TASK OBJECTIVE =
Set down all of the entries exactly, leaving nothing out.

ENTRIES PROVIDED =
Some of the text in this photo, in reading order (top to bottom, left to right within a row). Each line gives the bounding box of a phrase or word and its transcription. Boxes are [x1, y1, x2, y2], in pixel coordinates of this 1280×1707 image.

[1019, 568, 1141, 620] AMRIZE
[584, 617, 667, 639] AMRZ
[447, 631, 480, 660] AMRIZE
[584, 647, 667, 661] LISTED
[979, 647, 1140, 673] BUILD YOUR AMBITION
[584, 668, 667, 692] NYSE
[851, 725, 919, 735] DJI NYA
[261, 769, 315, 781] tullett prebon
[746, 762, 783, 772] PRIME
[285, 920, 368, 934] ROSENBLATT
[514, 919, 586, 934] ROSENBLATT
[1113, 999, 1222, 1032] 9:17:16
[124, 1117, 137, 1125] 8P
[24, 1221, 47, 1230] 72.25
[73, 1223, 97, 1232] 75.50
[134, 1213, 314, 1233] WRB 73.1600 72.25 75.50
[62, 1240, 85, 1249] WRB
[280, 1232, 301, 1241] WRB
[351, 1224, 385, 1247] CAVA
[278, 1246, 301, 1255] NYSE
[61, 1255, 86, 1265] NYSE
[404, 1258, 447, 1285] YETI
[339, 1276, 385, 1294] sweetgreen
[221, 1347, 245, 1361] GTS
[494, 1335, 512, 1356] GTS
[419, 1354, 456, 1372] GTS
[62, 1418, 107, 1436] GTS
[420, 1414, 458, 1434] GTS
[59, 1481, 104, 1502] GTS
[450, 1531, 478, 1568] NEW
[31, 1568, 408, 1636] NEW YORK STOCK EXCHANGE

ANSWER FOR THE TASK =
Some of the text in this photo, in reading order (top to bottom, left to right within a row). Each line gives the bounding box of a phrase or word and its transcription. Boxes are [x1, y1, x2, y2], in pixel coordinates of this 1280×1707 image.

[1019, 568, 1141, 620] AMRIZE
[584, 617, 667, 639] AMRZ
[447, 631, 480, 660] AMRIZE
[584, 647, 667, 661] LISTED
[979, 647, 1140, 673] BUILD YOUR AMBITION
[584, 668, 667, 692] NYSE
[851, 725, 919, 735] DJI NYA
[261, 769, 315, 781] tullett prebon
[746, 762, 783, 772] PRIME
[285, 920, 368, 934] ROSENBLATT
[514, 919, 586, 934] ROSENBLATT
[1113, 999, 1222, 1032] 9:17:16
[124, 1117, 137, 1125] 8P
[24, 1221, 47, 1230] 72.25
[73, 1223, 97, 1232] 75.50
[134, 1213, 314, 1233] WRB 73.1600 72.25 75.50
[62, 1240, 85, 1249] WRB
[280, 1232, 301, 1241] WRB
[351, 1224, 385, 1247] CAVA
[278, 1246, 301, 1255] NYSE
[61, 1255, 86, 1265] NYSE
[404, 1258, 447, 1285] YETI
[339, 1276, 385, 1294] sweetgreen
[221, 1347, 245, 1361] GTS
[494, 1335, 512, 1356] GTS
[419, 1354, 456, 1372] GTS
[62, 1418, 107, 1436] GTS
[420, 1414, 458, 1434] GTS
[59, 1481, 104, 1502] GTS
[450, 1531, 478, 1568] NEW
[31, 1568, 408, 1636] NEW YORK STOCK EXCHANGE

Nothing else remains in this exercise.